レポート2017年8月の景気動向調査

消費税率引き上げ後の最高を更新 ~ 一部の業種や地域で長雨が響くも、耐久消費財の好調から回復続く ~

2017/09/05

■調査結果のポイント

  1. 2017年8月の景気DIは前月比0.1ポイント増の47.7となり、3カ月連続で改善した。国内景気は、一部の業種や地域で長雨が響いたものの、耐久消費財の販売好調などから消費税率引き上げ後の最高を更新し、回復が続いた。今後の国内景気は、堅調な外需に加え、設備投資や個人消費といった内需関連の拡大が期待されることから、回復傾向が続くと見込まれる。
  2. 『卸売』『小売』『サービス』など7業界が改善、『農・林・水産』など3業界が悪化した。家計可処分所得が増加してきたなか、耐久消費財などを中心に『小売』の景況感が押し上げられたほか、災害復旧・復興工事や東京五輪需要にともない建材関連の景況感も改善した。
  3. 『東海』『中国』など10地域中5地域が改善し、いずれも消費税率引き上げ後の最高を更新した。『東北』など3地域が悪化、『南関東』など2地域が横ばいとなった。公共工事の増加や自動車・半導体などが好材料となった。しかし、長雨の続いた地域では悪化した。

< 2017年8月の動向 : 回復続く >

2017年8月の景気DIは前月比0.1ポイント増の47.7となり、3カ月連続で改善した。

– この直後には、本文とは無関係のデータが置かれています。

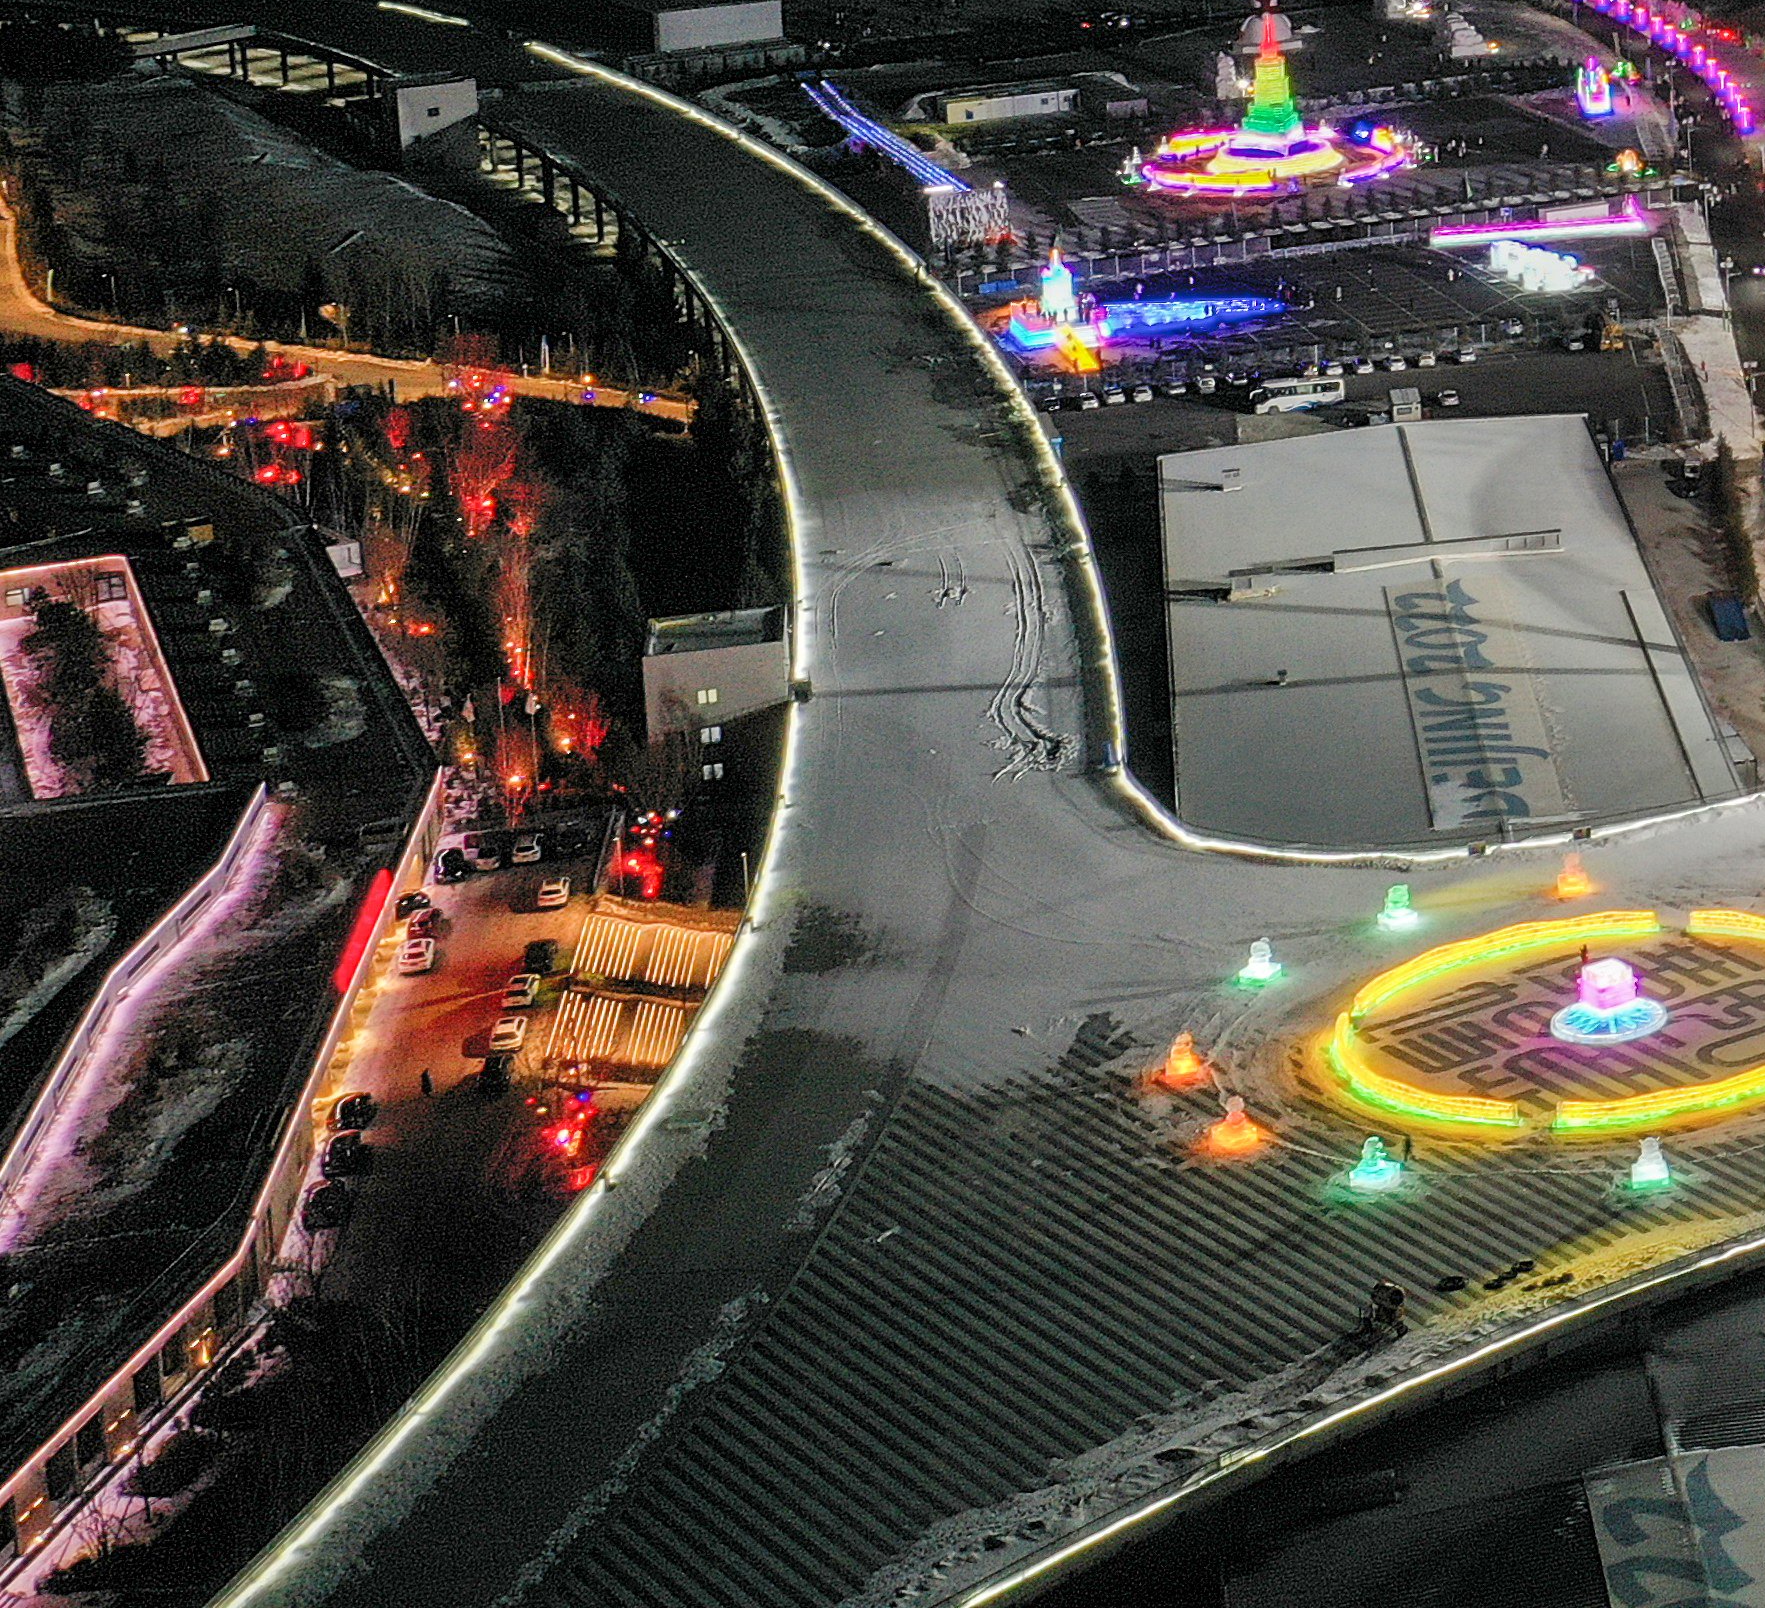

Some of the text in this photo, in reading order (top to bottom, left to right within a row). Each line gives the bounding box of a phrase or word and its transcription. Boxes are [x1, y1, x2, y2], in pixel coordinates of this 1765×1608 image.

[1394, 578, 1550, 819] BEIJING 2022
[1603, 1455, 1756, 1608] 22

有効求人倍率が高水準で推移するなど雇用・所得環境が改善するなか、エコカー減税などを受けて購入した自動車や家電など耐久消費財が、買い替え時期を迎えたことはプラスに働いた。また、災害復旧・復興工事や東京五輪需要も好材料となったことで、全体のほか複数の業界・規模・地域で、2014年4月の消費税率引き上げ後の最高を更新した。一方、8月は東京都心で21日連続の降雨を記録するなど、東日本を中心に天候不順に見舞われた。長雨が夏休みやお盆と重なったことで、レジャーなどの個人向けサービスや農作物に悪影響を及ぼした。

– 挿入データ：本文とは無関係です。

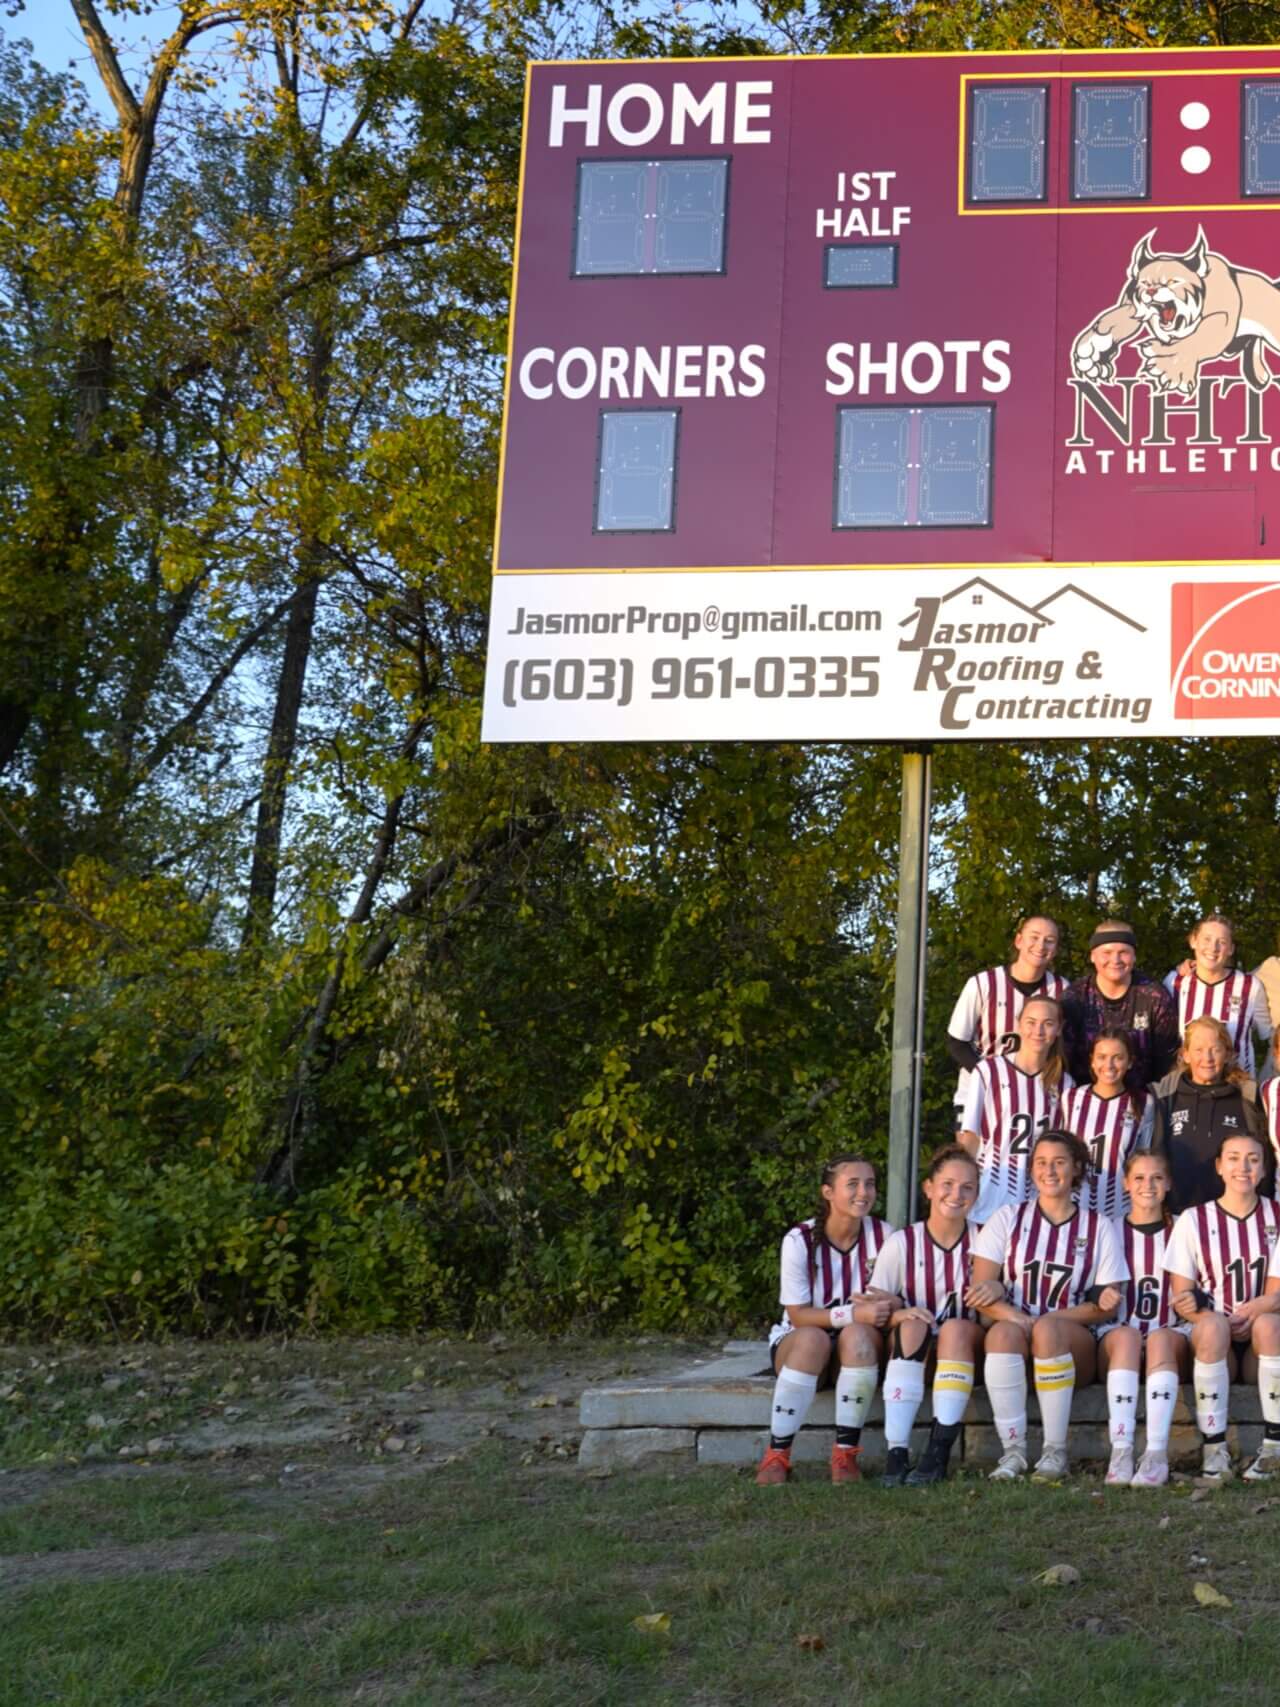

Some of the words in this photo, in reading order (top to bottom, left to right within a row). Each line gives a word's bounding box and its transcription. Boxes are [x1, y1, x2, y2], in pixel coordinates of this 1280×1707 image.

[548, 80, 773, 148] HOME
[815, 206, 911, 238] HALF
[517, 343, 766, 401] CORNERS
[825, 339, 1012, 396] SHOTS
[507, 604, 882, 641] JasmorProp@gmail.com
[898, 597, 1047, 651] Jasmor
[502, 658, 634, 708] (603)
[651, 655, 881, 700] 961-0335
[913, 648, 1064, 691] Roofing
[1076, 650, 1103, 680] &
[939, 685, 1153, 730] Contracting
[1022, 1258, 1074, 1309] 17
[1135, 1275, 1161, 1321] 6
[1227, 1255, 1267, 1304] 11

国内景気は、一部の業種や地域で長雨が響いたものの、耐久消費財の販売好調などから消費税率引き上げ後の最高を更新し、回復が続いた。

< 今後の見通し : 回復傾向続く >

海外経済が底堅く推移すると予測されるなか、半導体など電子部品や自動車部品の輸出増加は継続し、外需の好調が続くであろう。内需は、東京五輪関連や都市部の大型開発に加え、好調な企業収益を追い風に、人手不足対策への省力化投資など設備投資の活発化が見込まれる。また、雇用環境の改善や最低賃金引き上げを受け個人消費も緩やかに持ち直していくことが期待される。一方で、米経済政策の進捗遅れや北朝鮮問題など、海外情勢を注視していく必要があるだろう。

今後の国内景気は、堅調な外需に加え、設備投資や個人消費といった内需関連の拡大が期待されることから、回復傾向が続くと見込まれる。